> _Work request_: Set down each of the records below exactly as it reads. No pictures go into the copy.

(Dataset items)
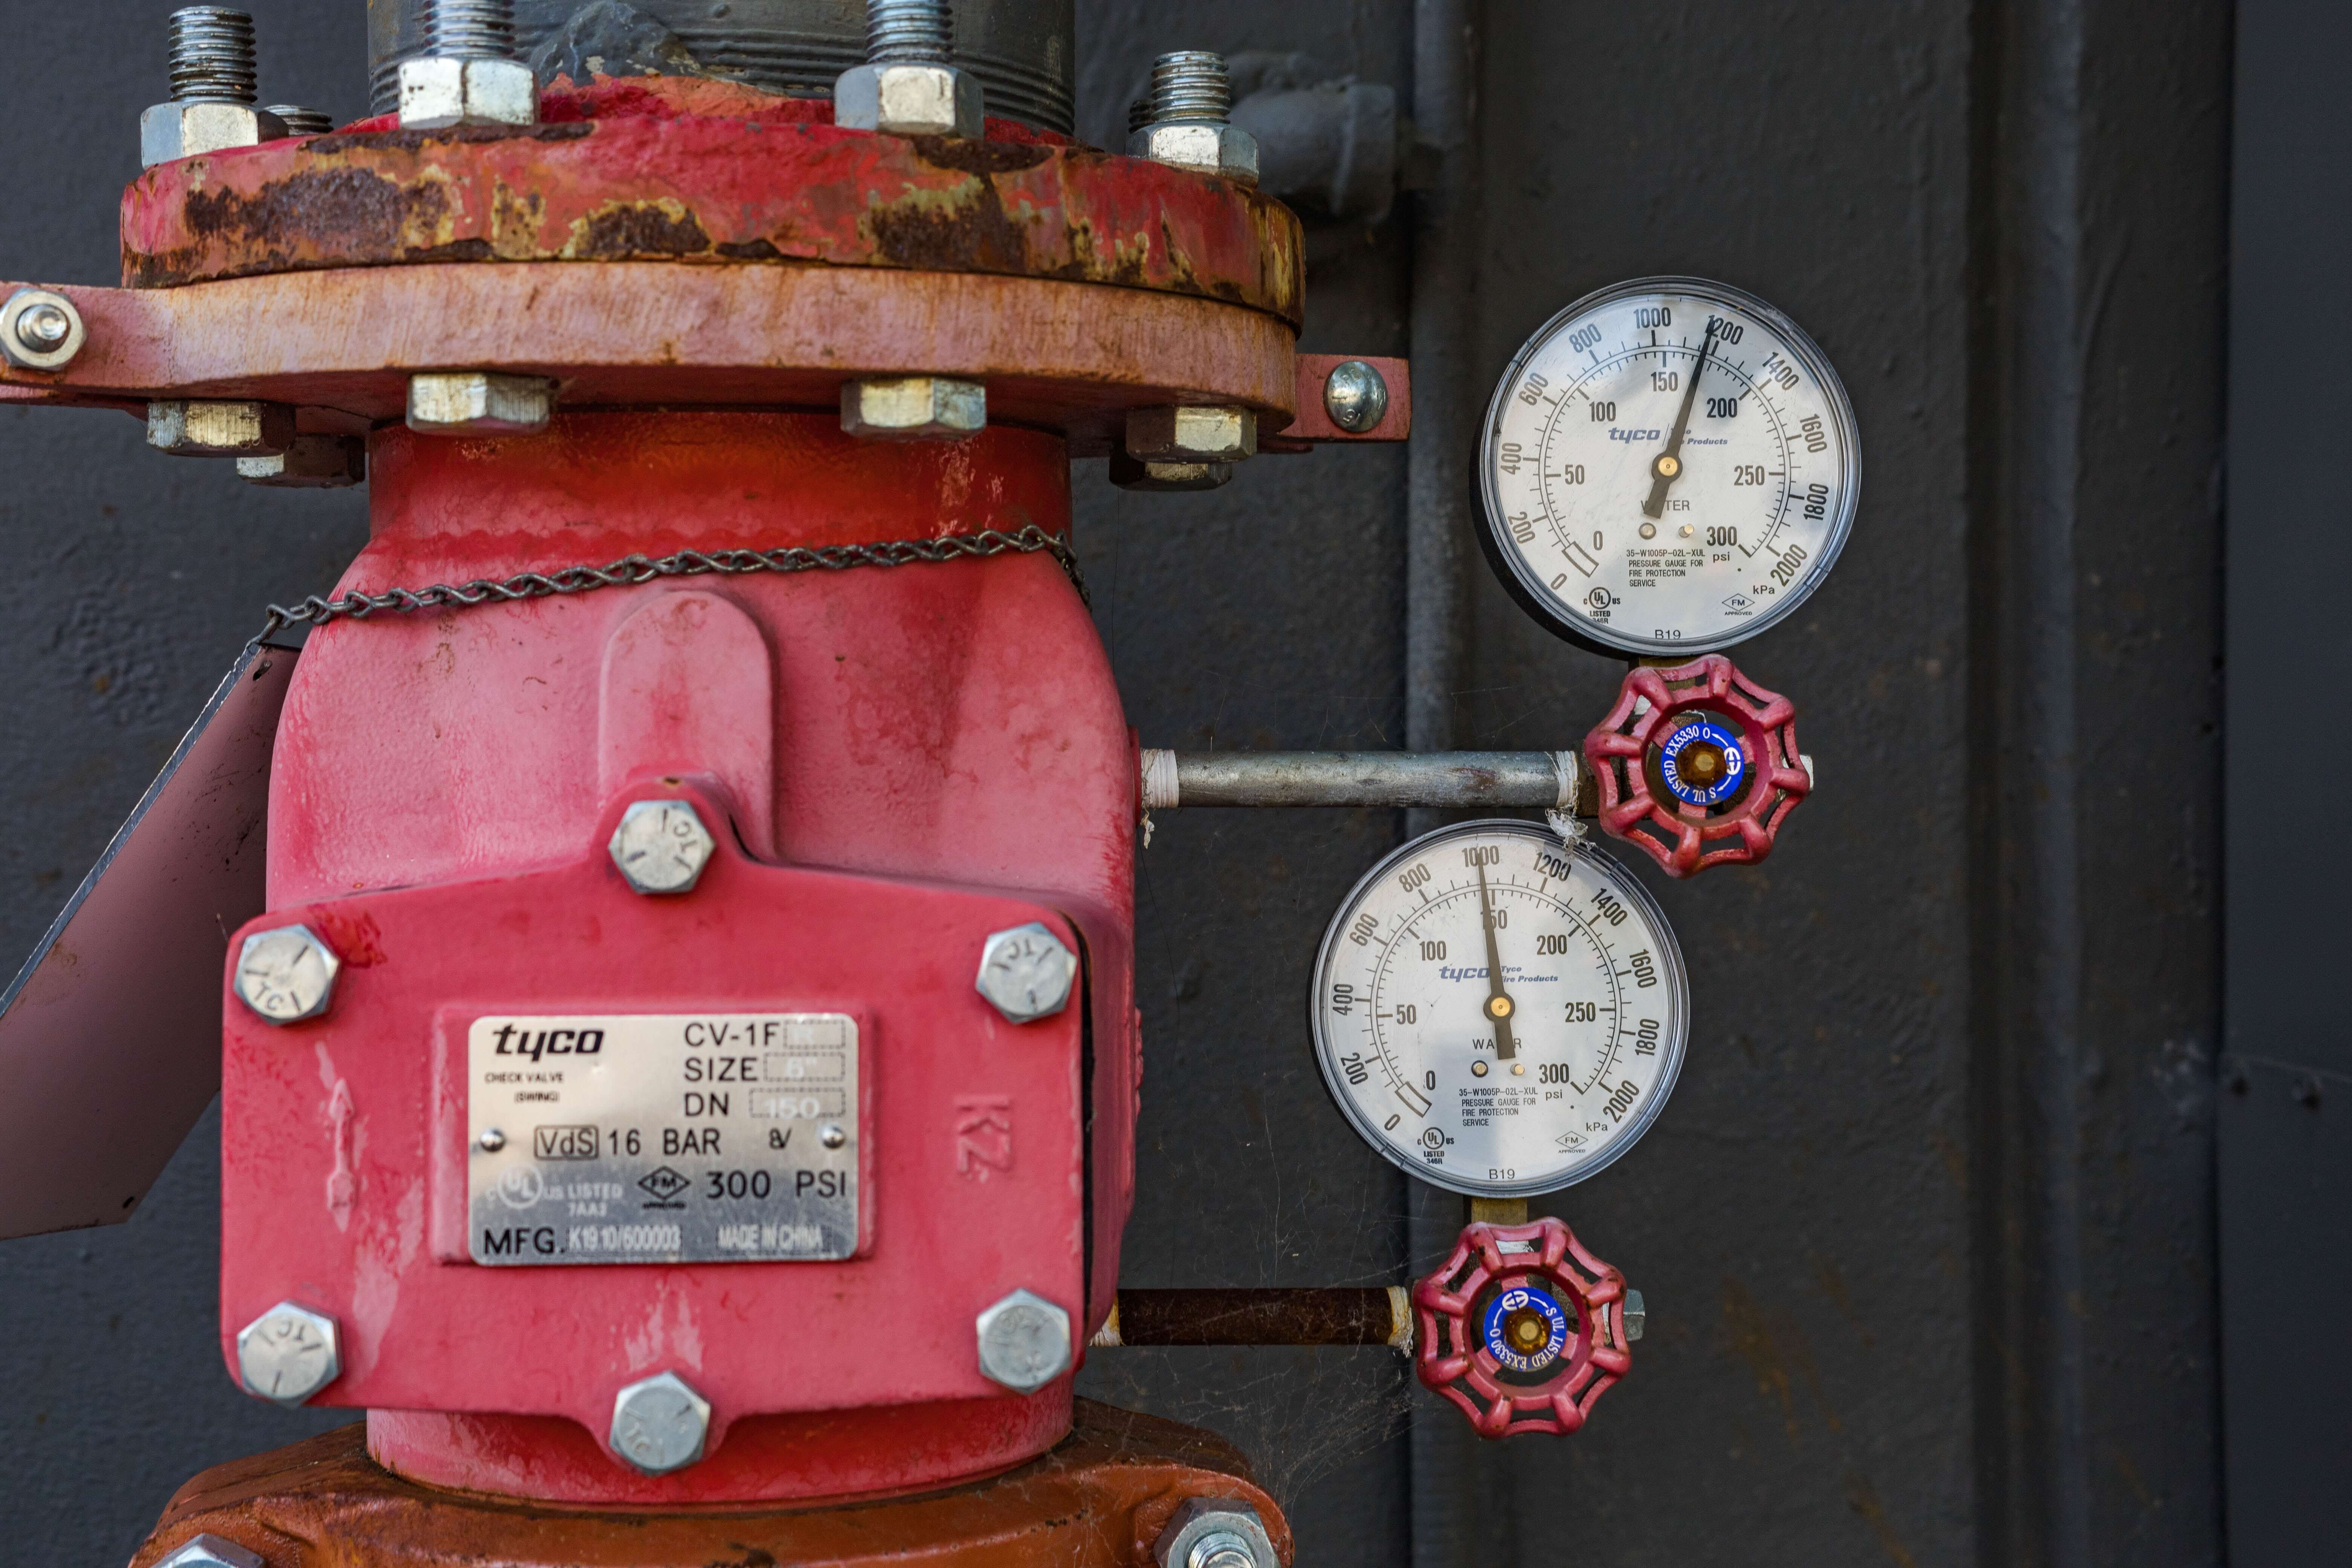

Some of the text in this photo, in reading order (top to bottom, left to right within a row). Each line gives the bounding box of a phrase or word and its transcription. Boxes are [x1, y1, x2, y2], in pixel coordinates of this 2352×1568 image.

[1633, 307, 1671, 329] 1000
[1568, 323, 1602, 353] 800
[1651, 372, 1678, 392] 150
[1762, 352, 1799, 391] 1400
[1518, 372, 1549, 406] 600
[1589, 401, 1616, 422] 100
[1706, 398, 1738, 418] 200
[1608, 427, 1661, 444] tyco
[1799, 413, 1828, 453] 1600
[1501, 442, 1522, 475] 400
[1565, 464, 1585, 485] 50
[1734, 465, 1765, 485] 250
[1803, 483, 1829, 521] 1800
[1508, 511, 1536, 544] 200
[1706, 526, 1737, 546] 300
[1593, 530, 1603, 550] 0
[1626, 549, 1706, 557] 35-W1005P-02L-XUL
[1712, 551, 1730, 563] psi
[1770, 544, 1808, 587] 2000
[1550, 573, 1567, 590] 0
[1753, 585, 1775, 595] kPa
[1594, 592, 1606, 605] UL
[1655, 629, 1681, 640] B19
[1666, 725, 1699, 757] EX5330
[1664, 760, 1690, 798] LISTED
[1693, 789, 1706, 802] UL
[1709, 787, 1716, 799] S
[1462, 845, 1500, 868] 1000
[1533, 852, 1572, 882] 1200
[1398, 863, 1431, 893] 800
[1591, 888, 1628, 926] 1400
[1349, 913, 1379, 946] 600
[1419, 940, 1446, 961] 100
[1536, 934, 1567, 955] 200
[1439, 966, 1490, 983] tyco
[1629, 949, 1657, 988] 1600
[1332, 984, 1354, 1016] 400
[1396, 1004, 1416, 1025] 50
[1565, 1001, 1596, 1023] 250
[492, 1022, 605, 1063] tyco
[1473, 1038, 1522, 1050] WAR
[1635, 1018, 1660, 1056] 1800
[485, 1072, 563, 1083] CHECK VALVE
[684, 1057, 759, 1082] SIZE
[1341, 1052, 1368, 1085] 200
[1539, 1063, 1570, 1084] 300
[1426, 1070, 1436, 1090] 0
[1459, 1087, 1538, 1096] 35-W1005P-02L-XUL
[1545, 1089, 1562, 1101] psi
[1603, 1080, 1640, 1123] 2000
[684, 1092, 821, 1120] DN 150
[1479, 1108, 1519, 1116] PROTECTION
[1384, 1114, 1401, 1131] 0
[1586, 1122, 1608, 1132] kPa
[539, 1129, 595, 1156] VdS
[608, 1128, 641, 1156] 16
[663, 1128, 721, 1156] BAR
[1428, 1132, 1439, 1145] UL
[706, 1169, 846, 1199] 300 PSI
[1489, 1168, 1515, 1179] B19
[567, 1183, 623, 1200] LISTED
[484, 1227, 565, 1255] MFG.
[718, 1223, 759, 1250] MADE
[761, 1223, 778, 1250] IN
[779, 1223, 823, 1250] CHINA
[1545, 1307, 1557, 1317] S
[1552, 1316, 1564, 1332] UL
[1491, 1339, 1527, 1369] EX5330
[1531, 1335, 1563, 1367] LISTED
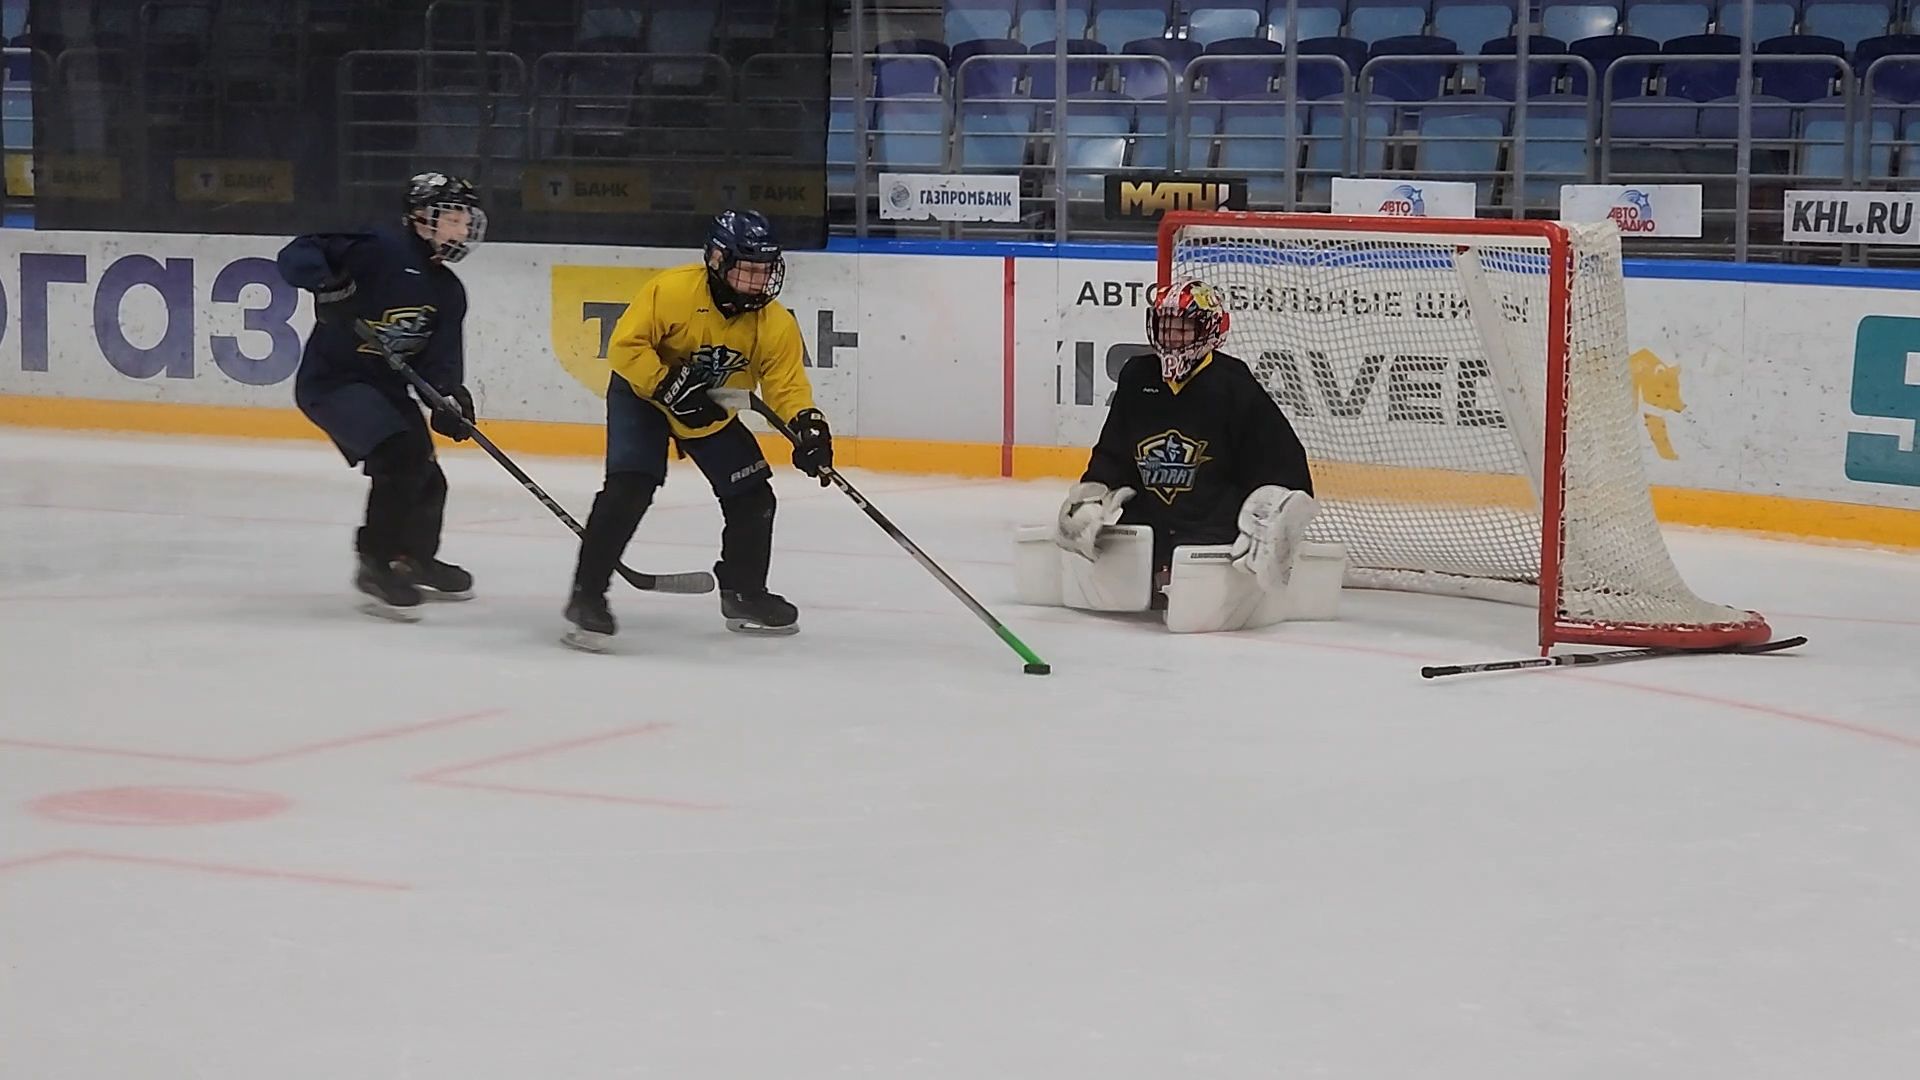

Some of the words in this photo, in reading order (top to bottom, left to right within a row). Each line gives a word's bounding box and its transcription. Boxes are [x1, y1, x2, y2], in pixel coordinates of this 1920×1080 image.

[573, 183, 629, 198] БАНК
[919, 190, 1012, 206] ГАЗПРОМБАНК
[1378, 200, 1411, 214] АВТО
[1606, 206, 1638, 220] АВТО
[1792, 200, 1913, 234] KHL.RU
[0, 252, 301, 386] газ
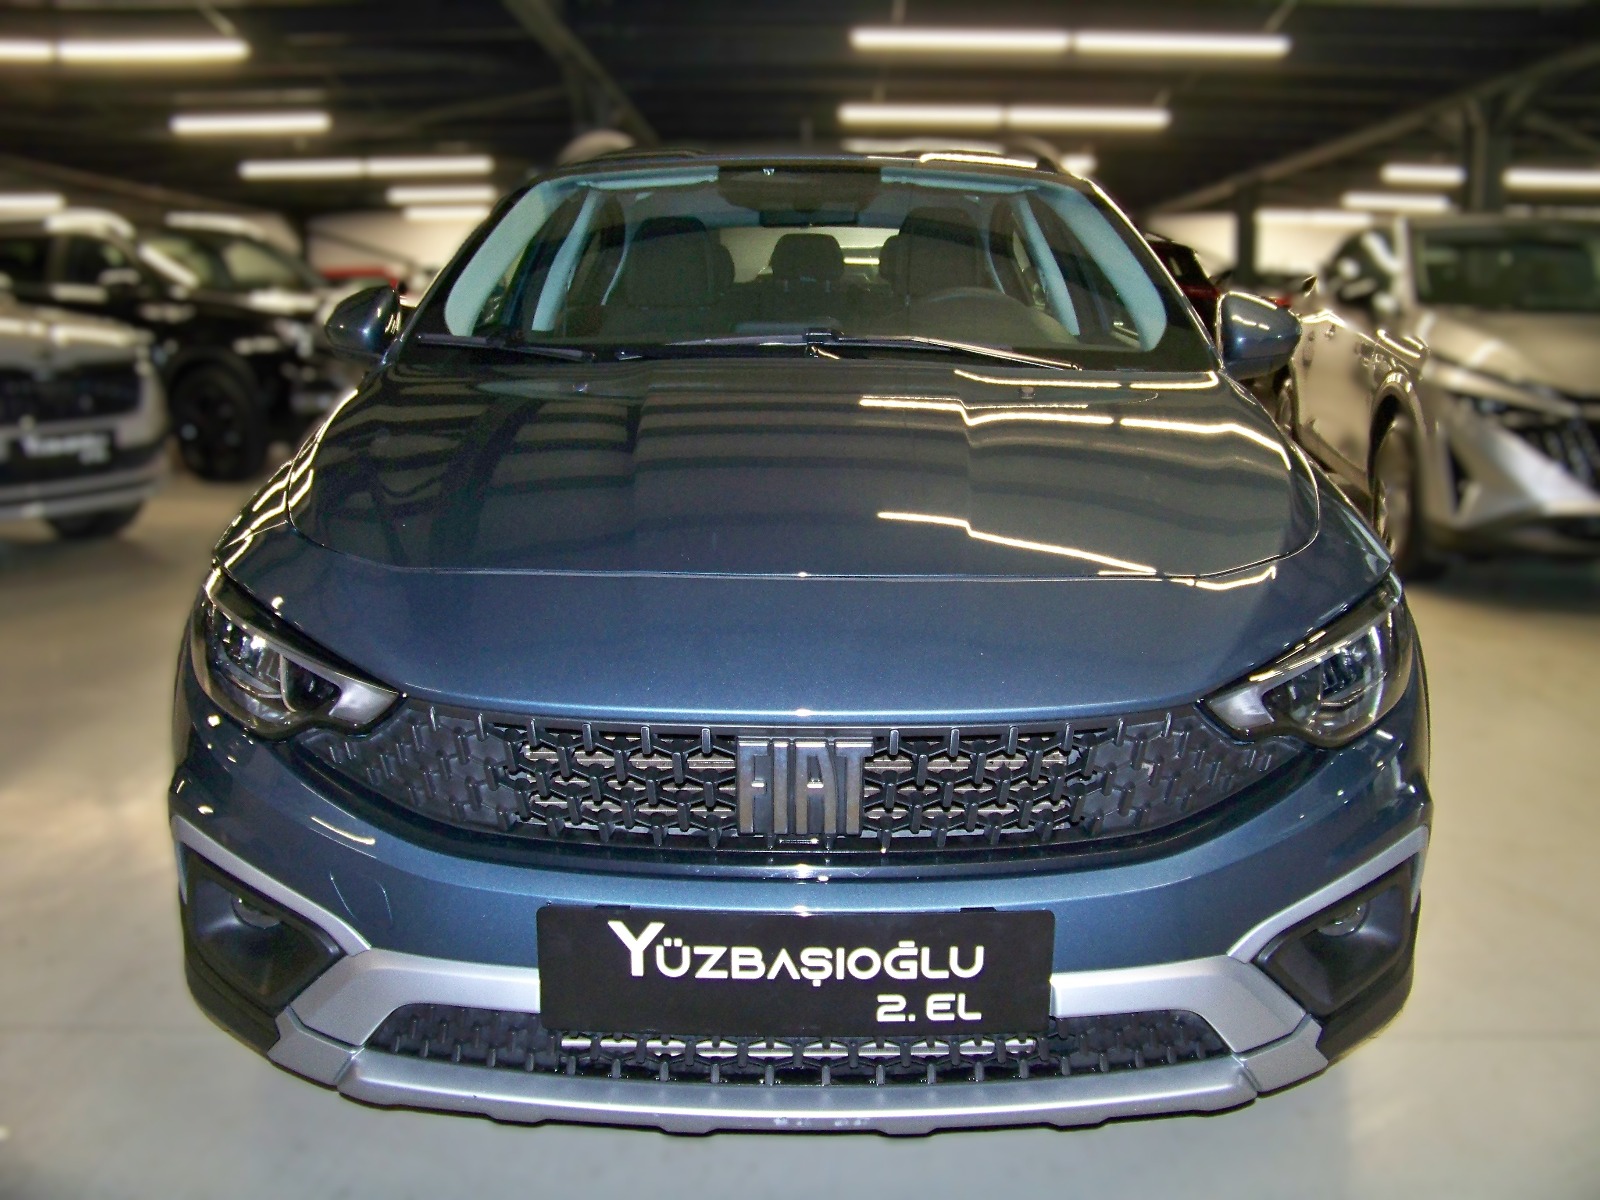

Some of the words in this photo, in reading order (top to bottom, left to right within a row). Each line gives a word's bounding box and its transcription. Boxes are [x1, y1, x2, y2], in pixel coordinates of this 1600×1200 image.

[737, 741, 874, 835] FIAT
[876, 994, 916, 1022] 2.
[926, 993, 982, 1021] EL

> _Written solution_:
Some of the text in this photo, in reading order (top to bottom, left to right within a row). Each line gives the bounding box of a phrase or word and its transcription. Boxes are [x1, y1, x2, y2], in pixel coordinates of this 2352×1568 image.

[1633, 307, 1671, 329] 1000
[1568, 323, 1602, 353] 800
[1651, 372, 1678, 392] 150
[1762, 352, 1799, 391] 1400
[1518, 372, 1549, 406] 600
[1589, 401, 1616, 422] 100
[1706, 398, 1738, 418] 200
[1608, 427, 1661, 444] tyco
[1799, 413, 1828, 453] 1600
[1501, 442, 1522, 475] 400
[1565, 464, 1585, 485] 50
[1734, 465, 1765, 485] 250
[1803, 483, 1829, 521] 1800
[1508, 511, 1536, 544] 200
[1706, 526, 1737, 546] 300
[1593, 530, 1603, 550] 0
[1626, 549, 1706, 557] 35-W1005P-02L-XUL
[1712, 551, 1730, 563] psi
[1770, 544, 1808, 587] 2000
[1550, 573, 1567, 590] 0
[1753, 585, 1775, 595] kPa
[1594, 592, 1606, 605] UL
[1655, 629, 1681, 640] B19
[1666, 725, 1699, 757] EX5330
[1664, 760, 1690, 798] LISTED
[1693, 789, 1706, 802] UL
[1709, 787, 1716, 799] S
[1462, 845, 1500, 868] 1000
[1533, 852, 1572, 882] 1200
[1398, 863, 1431, 893] 800
[1591, 888, 1628, 926] 1400
[1349, 913, 1379, 946] 600
[1419, 940, 1446, 961] 100
[1536, 934, 1567, 955] 200
[1439, 966, 1490, 983] tyco
[1629, 949, 1657, 988] 1600
[1332, 984, 1354, 1016] 400
[1396, 1004, 1416, 1025] 50
[1565, 1001, 1596, 1023] 250
[492, 1022, 605, 1063] tyco
[1473, 1038, 1522, 1050] WAR
[1635, 1018, 1660, 1056] 1800
[485, 1072, 563, 1083] CHECK VALVE
[684, 1057, 759, 1082] SIZE
[1341, 1052, 1368, 1085] 200
[1539, 1063, 1570, 1084] 300
[1426, 1070, 1436, 1090] 0
[1459, 1087, 1538, 1096] 35-W1005P-02L-XUL
[1545, 1089, 1562, 1101] psi
[1603, 1080, 1640, 1123] 2000
[684, 1092, 821, 1120] DN 150
[1479, 1108, 1519, 1116] PROTECTION
[1384, 1114, 1401, 1131] 0
[1586, 1122, 1608, 1132] kPa
[539, 1129, 595, 1156] VdS
[608, 1128, 641, 1156] 16
[663, 1128, 721, 1156] BAR
[1428, 1132, 1439, 1145] UL
[706, 1169, 846, 1199] 300 PSI
[1489, 1168, 1515, 1179] B19
[567, 1183, 623, 1200] LISTED
[484, 1227, 565, 1255] MFG.
[718, 1223, 759, 1250] MADE
[761, 1223, 778, 1250] IN
[779, 1223, 823, 1250] CHINA
[1545, 1307, 1557, 1317] S
[1552, 1316, 1564, 1332] UL
[1491, 1339, 1527, 1369] EX5330
[1531, 1335, 1563, 1367] LISTED

Some of the words in this photo, in reading order (top to bottom, left to right within a row). Each line gives a word's bounding box and its transcription. Boxes are [x1, y1, x2, y2], in pixel coordinates of this 1920×1080 image.

[573, 183, 629, 198] БАНК
[919, 190, 1012, 206] ГАЗПРОМБАНК
[1378, 200, 1411, 214] АВТО
[1606, 206, 1638, 220] АВТО
[1792, 200, 1913, 234] KHL.RU
[0, 252, 301, 386] газ

Some of the words in this photo, in reading order (top to bottom, left to right within a row). Each line gives a word's bounding box and its transcription. Boxes are [x1, y1, x2, y2], in pixel coordinates of this 1600×1200 image.

[737, 741, 874, 835] FIAT
[876, 994, 916, 1022] 2.
[926, 993, 982, 1021] EL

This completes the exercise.